• _Data shown_:
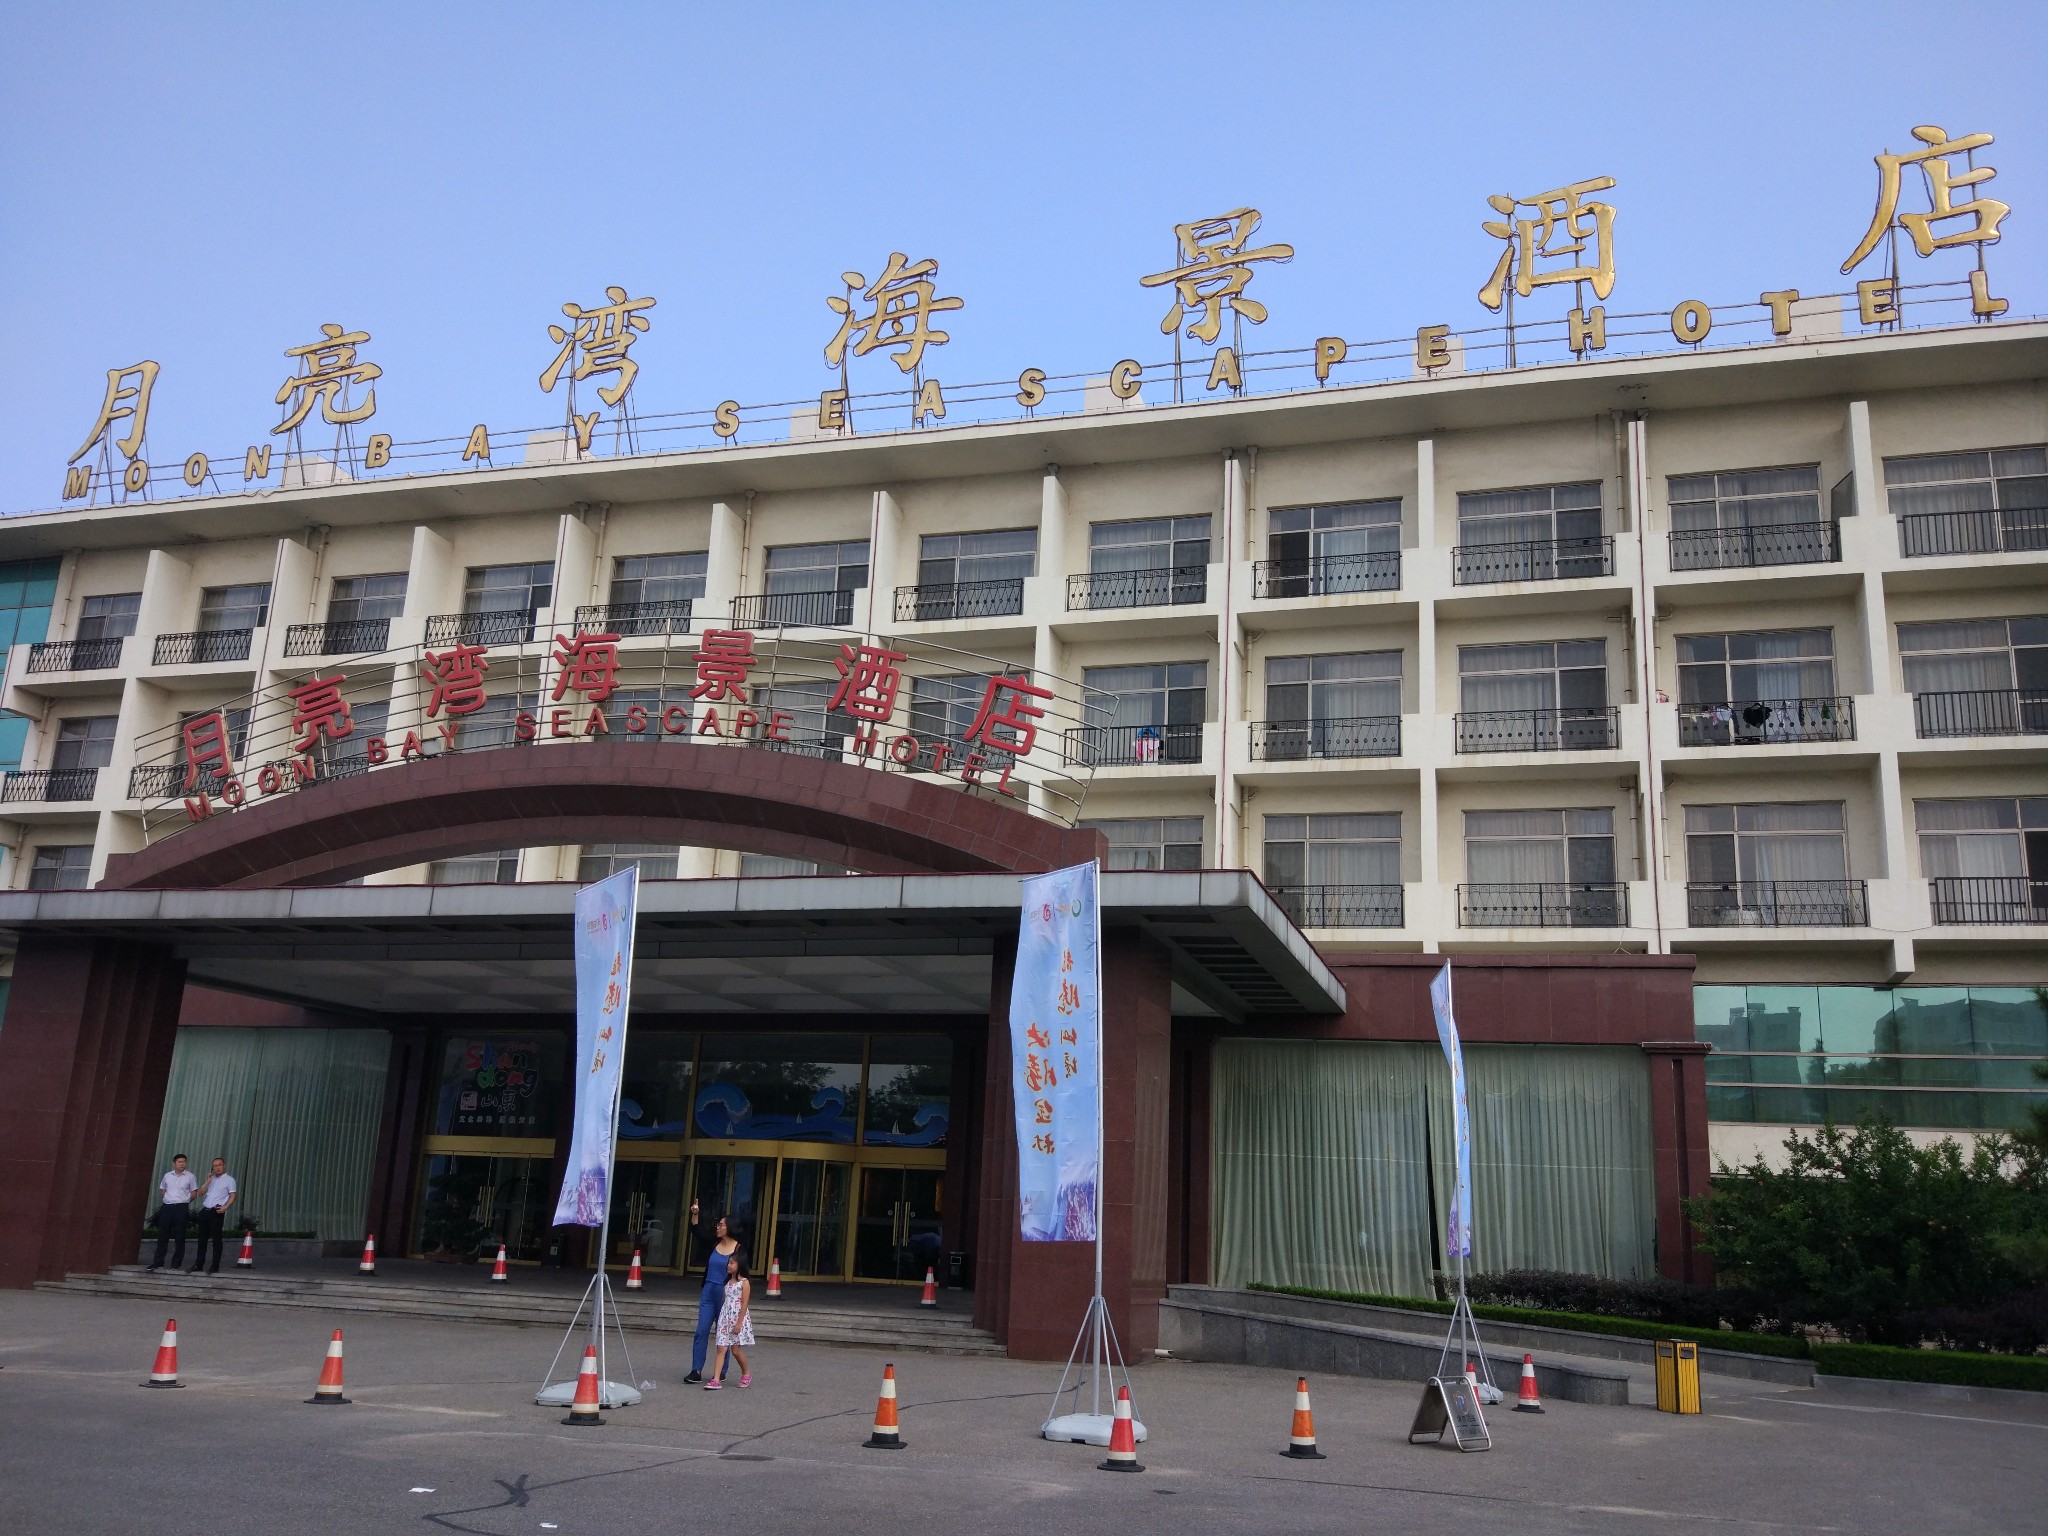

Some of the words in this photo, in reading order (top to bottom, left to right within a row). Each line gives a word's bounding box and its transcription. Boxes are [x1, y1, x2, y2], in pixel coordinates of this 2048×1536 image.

[62, 444, 272, 500] MOON
[365, 411, 600, 468] BAY
[713, 324, 1451, 438] SEASCAPE
[1568, 270, 2010, 352] HOTEL
[67, 125, 2011, 465] 月亮湾海景酒店
[183, 628, 1055, 791] 月亮湾海景酒店
[184, 755, 316, 823] MOON
[367, 722, 459, 764] BAY
[515, 705, 794, 741] SEASCAPE
[853, 726, 1016, 797] HOTEL

• _Task requirements_: Reproduce every record above exactly, but leave out the pictures.

• _Reply to the task_:
Some of the words in this photo, in reading order (top to bottom, left to right within a row). Each line gives a word's bounding box and its transcription. Boxes are [x1, y1, x2, y2], in pixel coordinates of this 2048×1536 image.

[62, 444, 272, 500] MOON
[365, 411, 600, 468] BAY
[713, 324, 1451, 438] SEASCAPE
[1568, 270, 2010, 352] HOTEL
[67, 125, 2011, 465] 月亮湾海景酒店
[183, 628, 1055, 791] 月亮湾海景酒店
[184, 755, 316, 823] MOON
[367, 722, 459, 764] BAY
[515, 705, 794, 741] SEASCAPE
[853, 726, 1016, 797] HOTEL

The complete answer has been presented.